Alla domanda deve essere allegato un certificato medico attestante lo stato di inabilità assoluta e permanente a svolgere qualsiasi attività lavorativa. La domanda ed il certificato medico vanno redatti secondo gli schemi allegati al decreto del Ministero del Tesoro 8 maggio 1997, n. 187: “Regolamento recante modalità applicative delle disposizioni contenute all'articolo 2, comma 12, della L. 8 agosto 1995, n. 335, concernenti l'attribuzione della pensione di inabilità ai dipendenti delle amministrazioni pubbliche iscritti a forme di previdenza esclusive dell'assicurazione generale obbligatoria”.

L’istruttoria
L'amministrazione (o l’INPS), ricevuta la domanda di pensione di inabilità, dispone l'accertamento sanitario presso gli organi sanitari competenti.

Gli accertamenti sanitari
L'accertamento sullo stato di inabilità è affidato, dal 1 giugno 2023, alle Commissioni Mediche di verifica istituite presso il Centro di Medicina Legale dell’INPS territorialmente competente.

AI termine degli accertamenti sanitari viene redatto apposito processo verbale che deve essere restituito all'amministrazione.
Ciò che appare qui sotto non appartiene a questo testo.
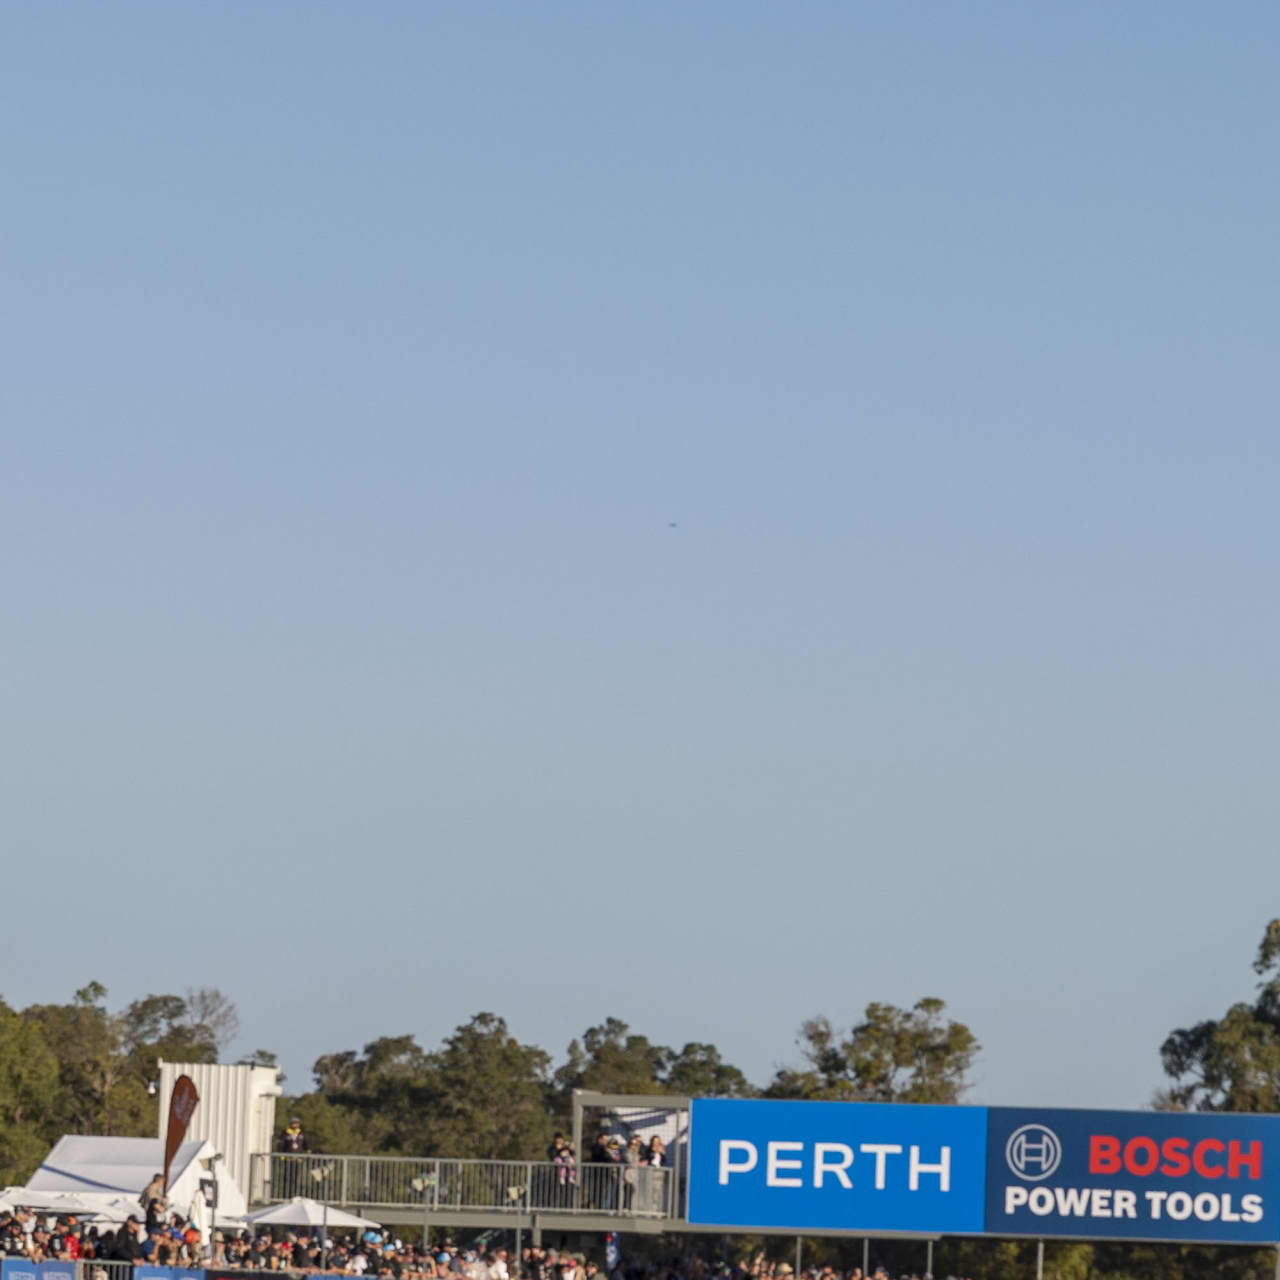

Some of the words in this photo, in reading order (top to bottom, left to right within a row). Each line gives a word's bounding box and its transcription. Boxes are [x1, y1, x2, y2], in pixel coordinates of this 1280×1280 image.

[720, 1139, 952, 1193] PERTH
[1087, 1134, 1263, 1180] BOSCH
[1004, 1185, 1138, 1219] POWER
[1145, 1189, 1264, 1223] TOOLS
Il calcolo del trattamento.
Il trattamento è determinato dall’INPS

La durata
La prestazione, a meno di un’eventuale revisione, è vitalizia.

La decorrenza
Il trattamento decorre dalla data di risoluzione del rapporto di lavoro per motivi di salute. Se, invece, la domanda è presentata dopo la fine del rapporto di lavoro (ma entro 2 anni dalla risoluzione del rapporto di lavoro per motivi di salute) la pensione decorre dal primo giorno del mese successivo a quello in cui la domanda è stata presentata.

Normativa di riferimento
Decreto del ministero del tesoro 8 maggio 1997, n. 187: “Regolamento recante modalità applicative delle disposizioni contenute all'articolo 2, comma 12, della L. 8 agosto 1995, n. 335, concernenti l'attribuzione della pensione di inabilità ai dipendenti delle amministrazioni pubbliche iscritti a forme di previdenza esclusive dell'assicurazione generale obbligatoria”.

L'Ufficio V  della Direzione generale del personale e della formazione è competente a certificare la posizione dei dipendenti ai fini dell’erogazione del trattamento pensionistico e di Tfs/Tfr, a seguito della cessazione del rapporto di lavoro per motivi di salute.
La posizione è gestita dall’Ufficio IV per il personale amministrativo e dalla Direzione generale magistrati per i magistrati.